MCPSERV.CLUB
hesreallyhim

IsItDown MCP Server

MCP Server

Check website uptime instantly via IsItDown API

Stale(55)
0stars
1views
Updated 21 days ago

About

An MCP server that queries isitdownrightnow.com to determine if a website is currently down and provides recent downtime details. Ideal for monitoring site availability in AI workflows.

Capabilities

Resources
Access data sources
Tools
Execute functions
Prompts
Pre-built templates
Sampling
AI model interactions

IsItDown Server MCP server

The mcp-server-isitdown MCP server fills a common gap in AI‑driven workflows: the ability to quickly verify whether an external website is operational without manual browser checks or custom API calls. By querying the publicly available service at isitdownrightnow.com, it translates raw uptime data into concise, human‑readable status messages that Claude and other AI assistants can return directly to users. This eliminates the need for developers to write their own scraping logic or maintain separate monitoring tools when they simply want a quick status check within a conversational context.
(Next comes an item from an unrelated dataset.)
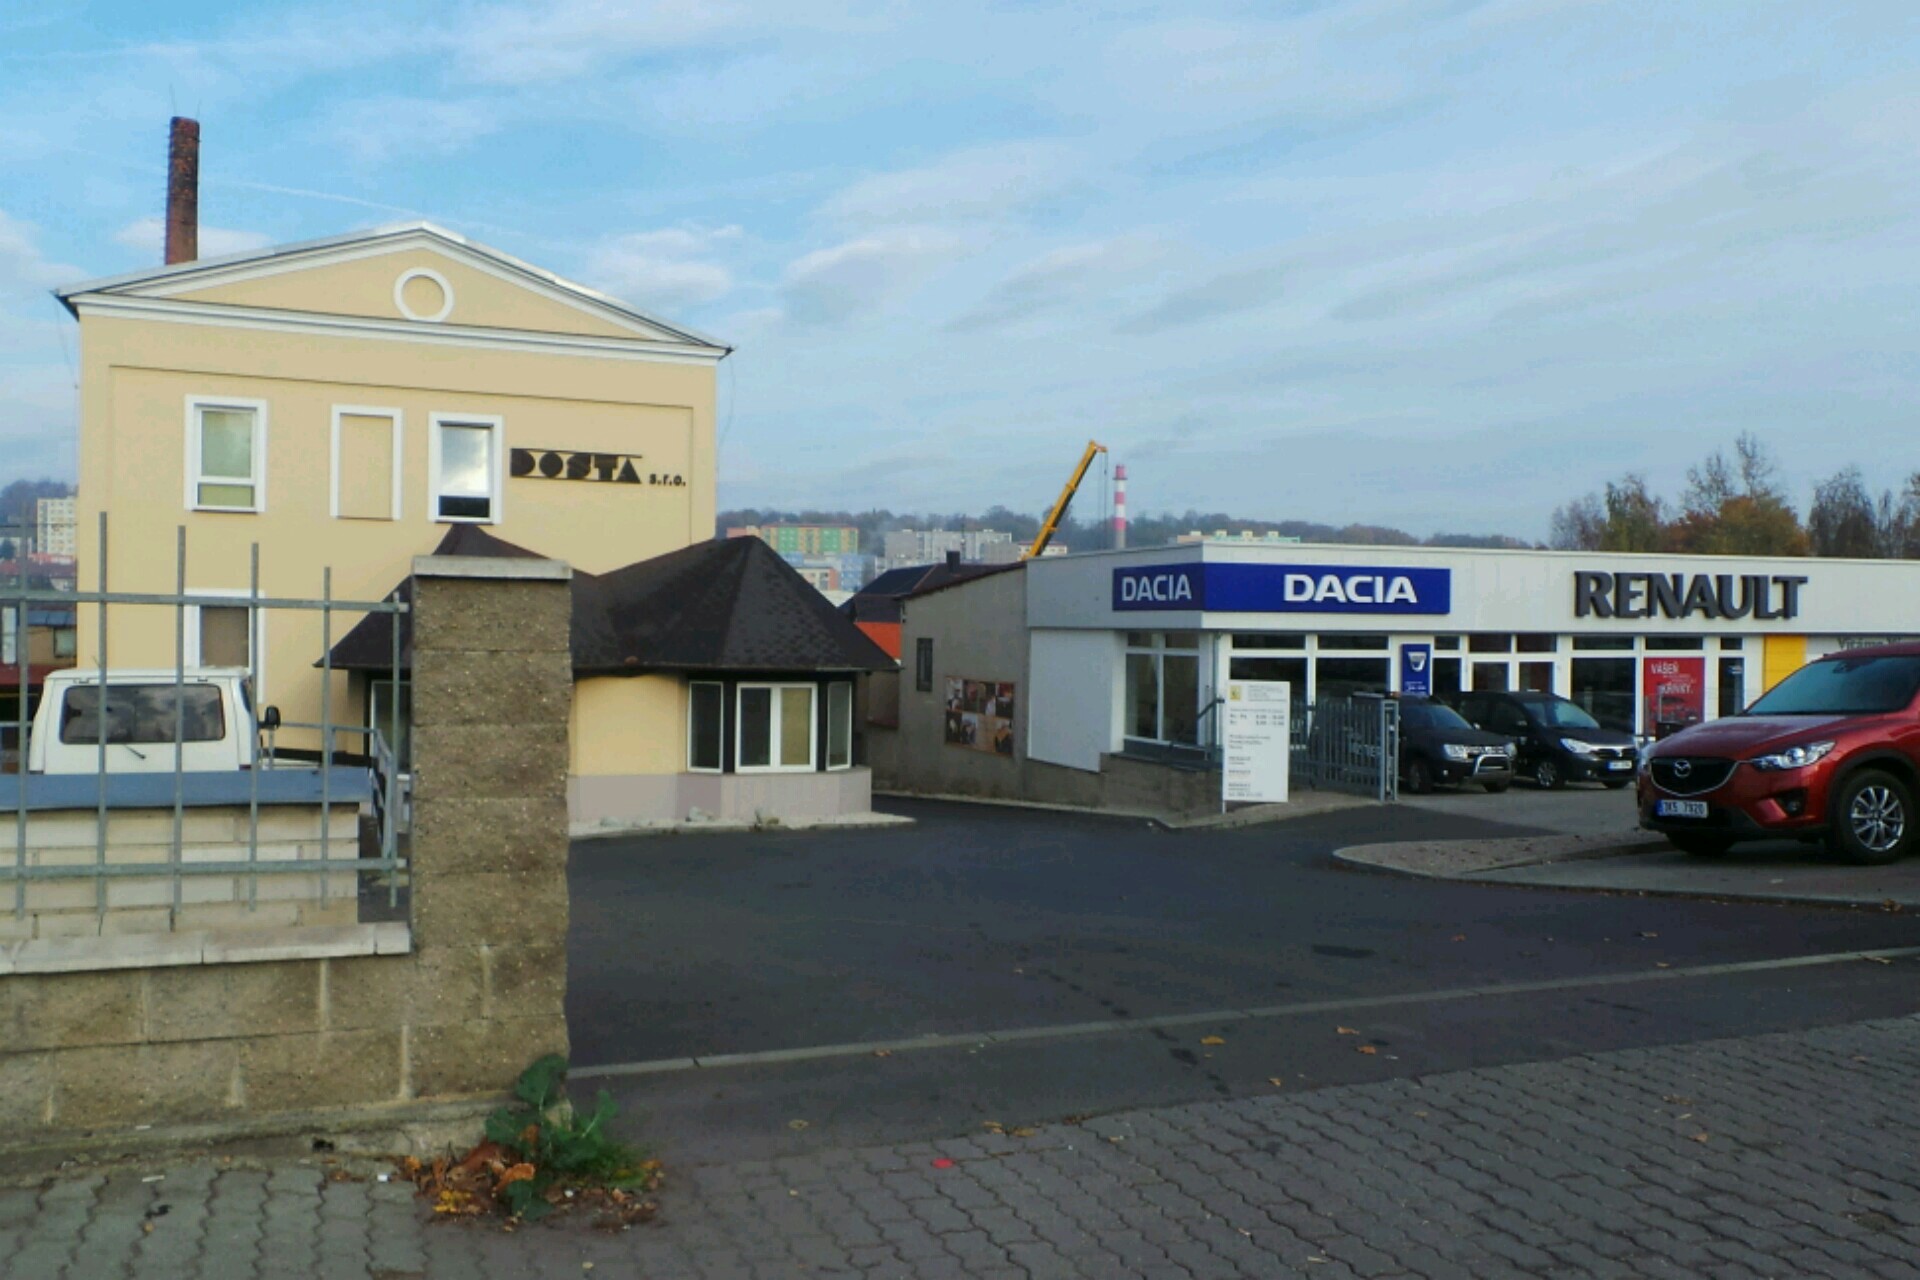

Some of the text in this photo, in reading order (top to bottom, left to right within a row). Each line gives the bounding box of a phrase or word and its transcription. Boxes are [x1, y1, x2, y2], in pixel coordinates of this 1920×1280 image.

[510, 448, 687, 487] DOSTA s.r.o.
[1121, 573, 1192, 601] DACIA
[1283, 573, 1418, 603] DACIA
[1574, 570, 1809, 620] RENAULT
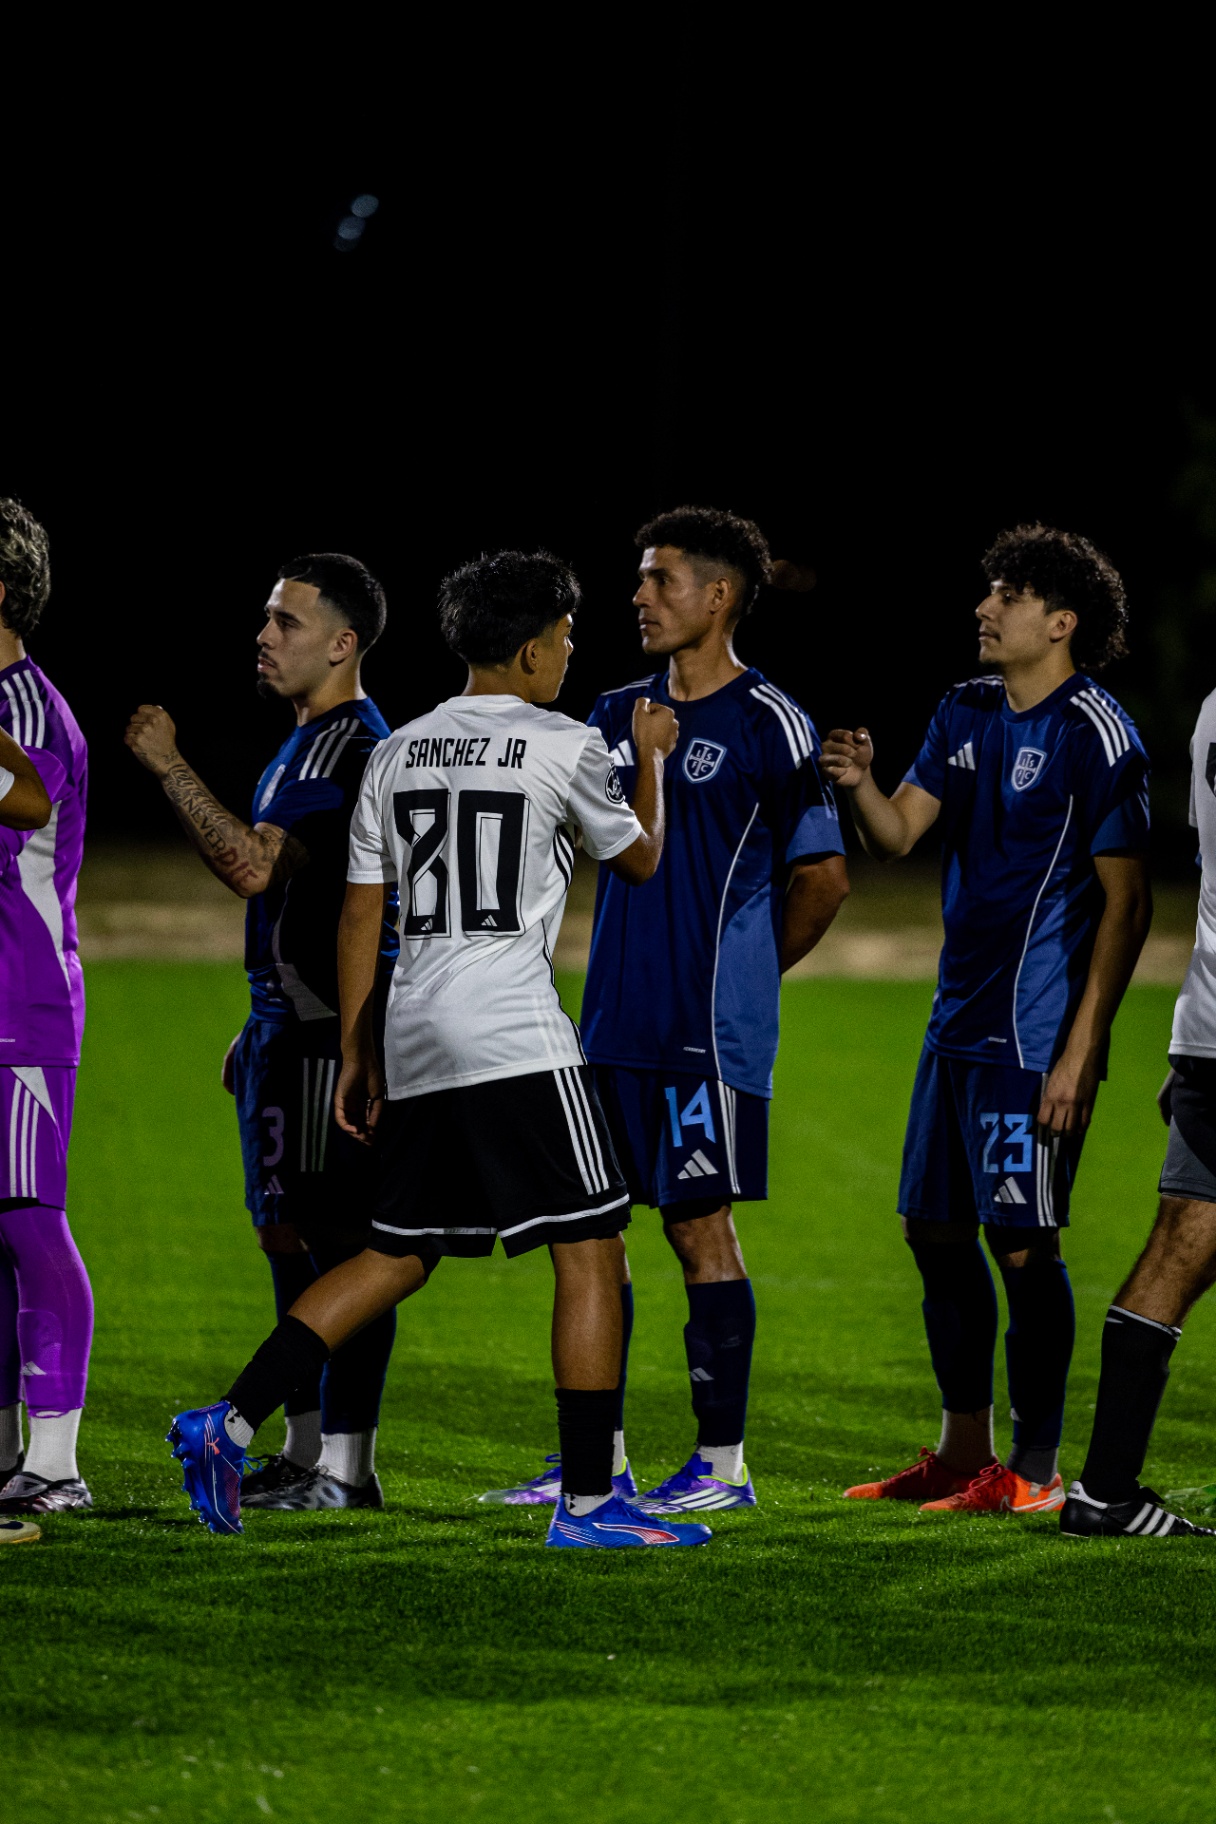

At its core, the server exposes a single, well‑defined tool: . The tool accepts a domain name as input and returns a string that indicates whether the site is currently up or down, along with the most recent downtime timestamp. This straightforward contract allows AI assistants to embed real‑time website health checks into broader diagnostic or support conversations. For example, a customer‑support bot can ask the user whether a service is down and immediately receive an authoritative answer, improving response times and reducing frustration.

Key capabilities of the server include:

  • Real‑time status retrieval from a reliable third‑party uptime database.
  • Simple input schema: only the root domain string is required, making it trivial to invoke from natural language queries.
  • Human‑friendly output: the response is a plain text message, ready for direct display or further processing by downstream tools.
  • Asynchronous operation: the tool can be called within async workflows, ensuring that it does not block other AI tasks.

Typical use cases span from internal DevOps monitoring to public‑facing support. A system administrator might integrate the tool into a Slack bot that alerts on site outages, while a content creator could use it to confirm the availability of partner sites before publishing links. In educational settings, students learning about network reliability can experiment with the server to observe how downtime events propagate across services.

Integration into AI workflows is seamless. Once the MCP server is registered with an assistant such as Claude Desktop, the tool becomes available as a first‑class action. The assistant can parse user intent—e.g., “Is example.com down?”—invoke , and return the status message. Because the server handles all HTTP communication internally, developers can focus on higher‑level logic without worrying about authentication or rate limiting. The MCP server’s design also makes it a drop‑in component for any system that already uses the Model Context Protocol, providing a consistent interface across diverse tooling ecosystems.

In summary, mcp-server-isitdown offers developers a lightweight, reliable bridge between conversational AI and live website health data. Its minimalistic API, clear output format, and tight integration with MCP make it an indispensable tool for anyone needing instant uptime verification within AI‑powered applications.